Items listed in a dataset
· · · · · · ·
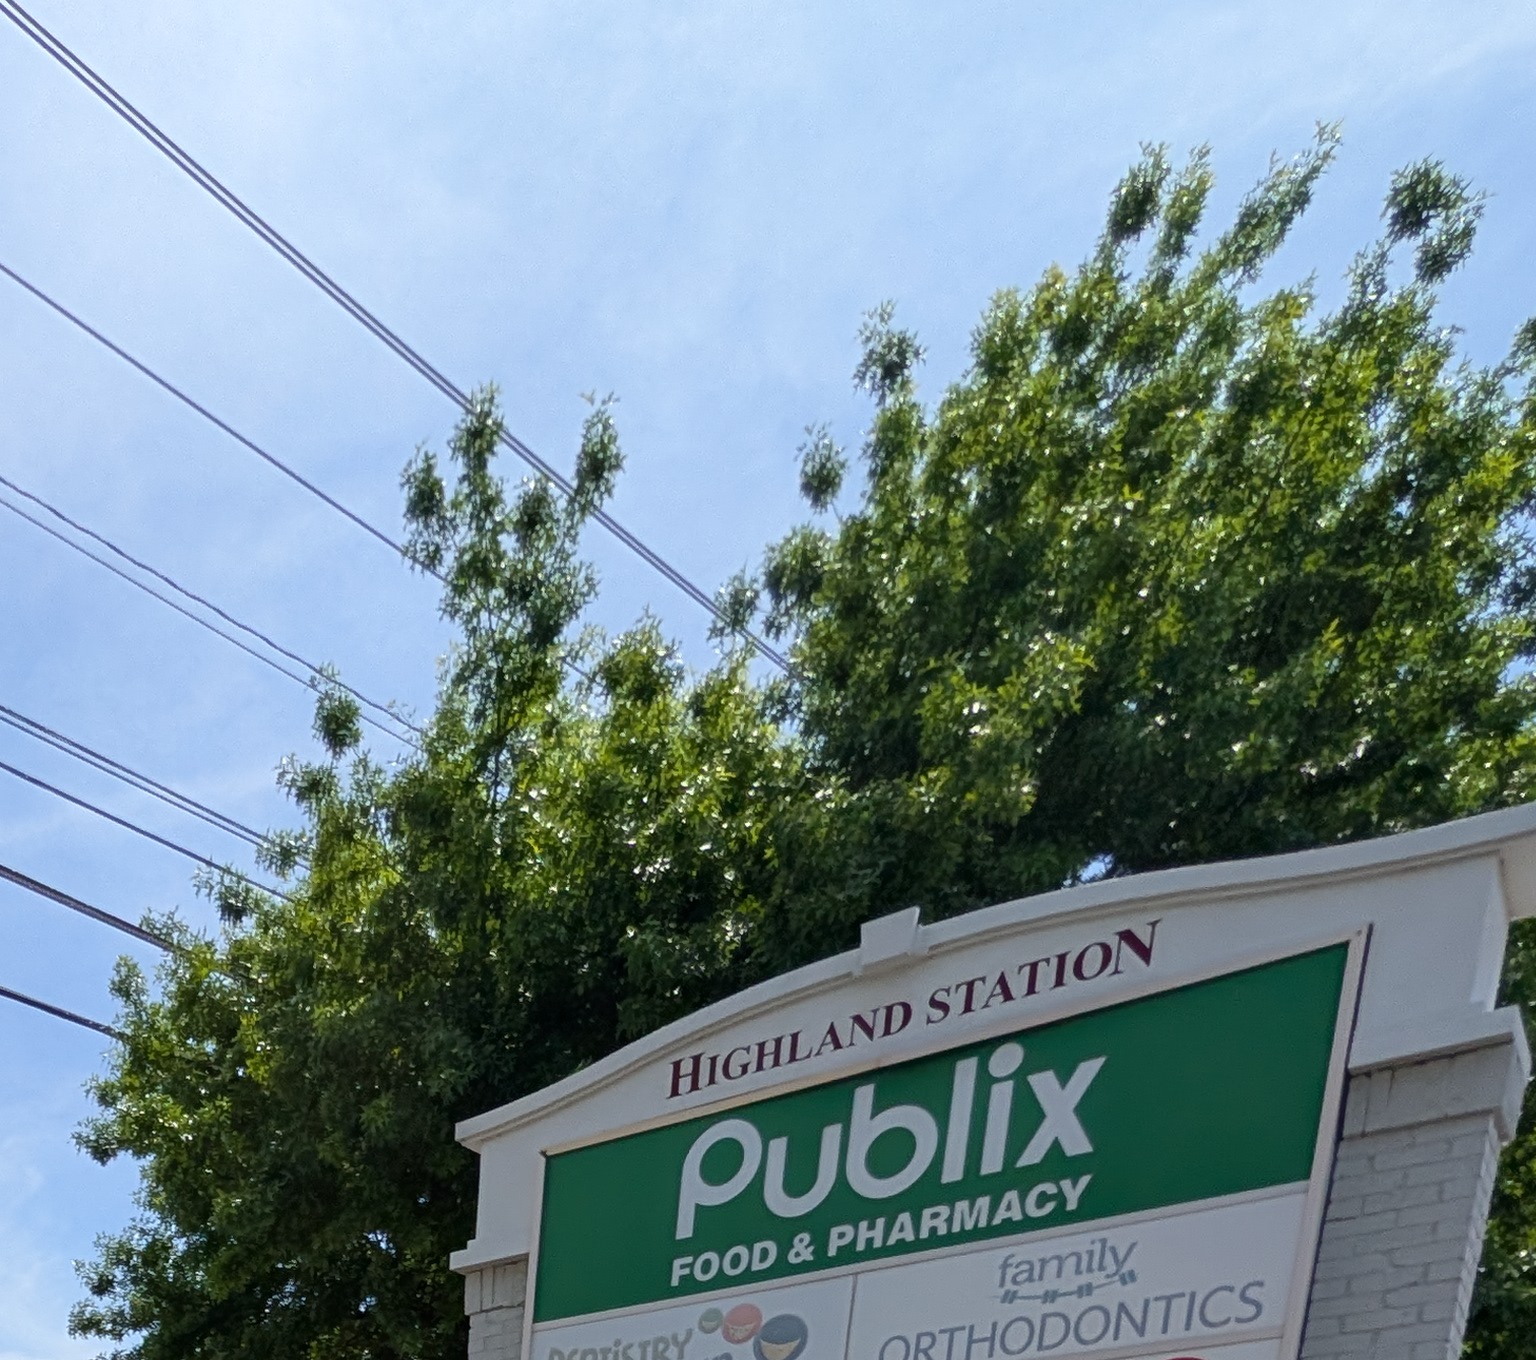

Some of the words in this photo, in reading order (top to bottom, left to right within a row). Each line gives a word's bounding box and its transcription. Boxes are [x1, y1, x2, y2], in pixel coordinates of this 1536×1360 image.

[666, 1000, 913, 1099] HIGHLAND
[926, 918, 1162, 1026] STATION
[674, 1042, 1108, 1240] Publix
[671, 1239, 778, 1288] FOOD
[787, 1232, 816, 1264] &
[827, 1174, 1093, 1258] PHARMACY
[998, 1237, 1138, 1290] family
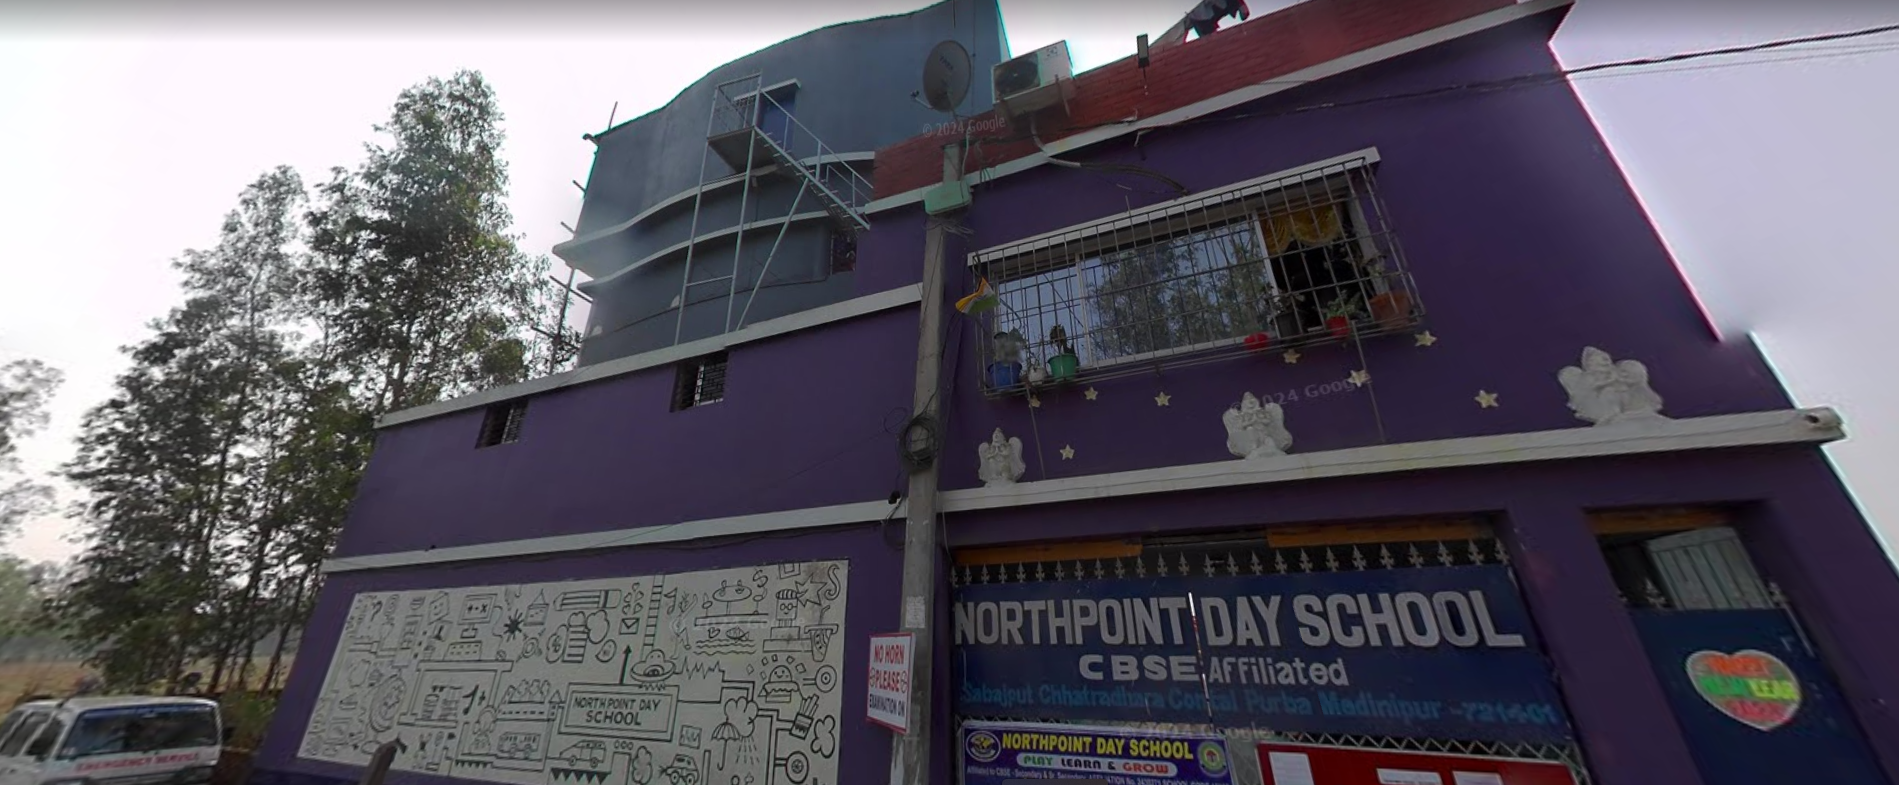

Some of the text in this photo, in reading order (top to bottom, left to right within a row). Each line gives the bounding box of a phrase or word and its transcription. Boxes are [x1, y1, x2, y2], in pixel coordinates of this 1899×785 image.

[954, 597, 1189, 645] NORTHPOINT
[1201, 595, 1285, 647] DAY
[1292, 590, 1526, 648] SCHOOL
[874, 644, 905, 665] NO HORN
[1079, 654, 1200, 682] CBSE
[874, 669, 901, 692] PLEASE
[639, 699, 661, 712] DAY
[586, 710, 642, 726] SCHOOL
[1002, 732, 1194, 760] NORTHPOINT DAY SCHOOL
[1023, 755, 1054, 766] PLAY
[1107, 761, 1117, 771] &
[1123, 762, 1169, 775] GROW
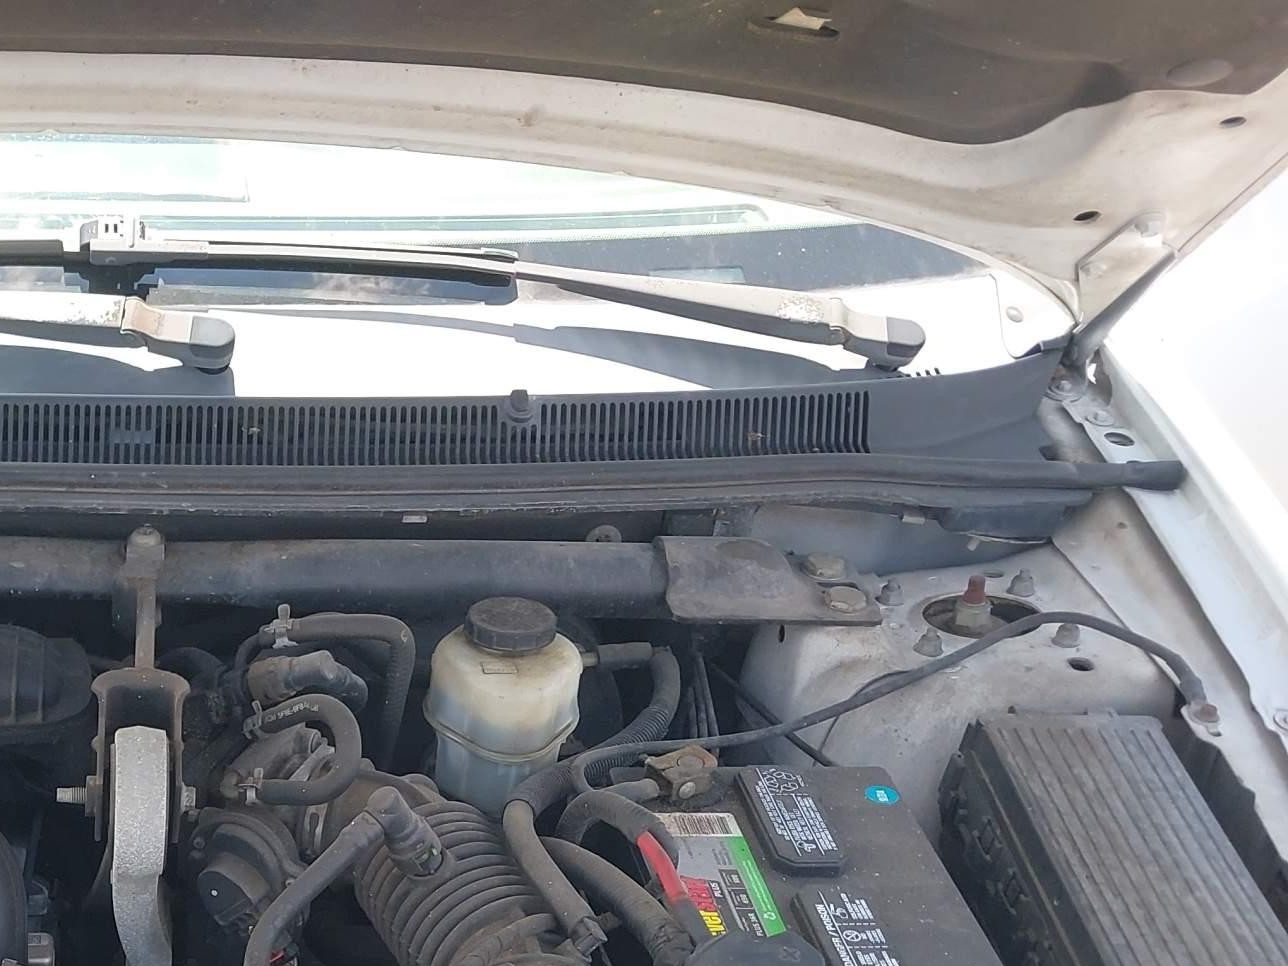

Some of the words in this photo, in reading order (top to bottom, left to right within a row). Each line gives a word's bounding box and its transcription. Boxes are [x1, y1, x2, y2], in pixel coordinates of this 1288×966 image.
· · · · · · ·
Repeat every record above exactly. Omit the pictures.

Some of the words in this photo, in reading order (top to bottom, left to right within a row). Each line gives a word's bounding box and its transcription. Boxes are [x1, y1, x2, y2], in pixel coordinates of this 1536×1360 image.

[666, 1000, 913, 1099] HIGHLAND
[926, 918, 1162, 1026] STATION
[674, 1042, 1108, 1240] Publix
[671, 1239, 778, 1288] FOOD
[787, 1232, 816, 1264] &
[827, 1174, 1093, 1258] PHARMACY
[998, 1237, 1138, 1290] family

Some of the text in this photo, in reading order (top to bottom, left to right within a row). Each line gives the bounding box of a phrase or word and its transcription. Boxes are [x1, y1, x2, y2], in pixel coordinates of this 1899×785 image.

[954, 597, 1189, 645] NORTHPOINT
[1201, 595, 1285, 647] DAY
[1292, 590, 1526, 648] SCHOOL
[874, 644, 905, 665] NO HORN
[1079, 654, 1200, 682] CBSE
[874, 669, 901, 692] PLEASE
[639, 699, 661, 712] DAY
[586, 710, 642, 726] SCHOOL
[1002, 732, 1194, 760] NORTHPOINT DAY SCHOOL
[1023, 755, 1054, 766] PLAY
[1107, 761, 1117, 771] &
[1123, 762, 1169, 775] GROW

Some of the words in this photo, in reading order (top to bottom, left to right within a row). Each line gives a word's bounding box and its transcription. Boxes are [x1, y1, x2, y2], in pixel coordinates of this 1288×966 image.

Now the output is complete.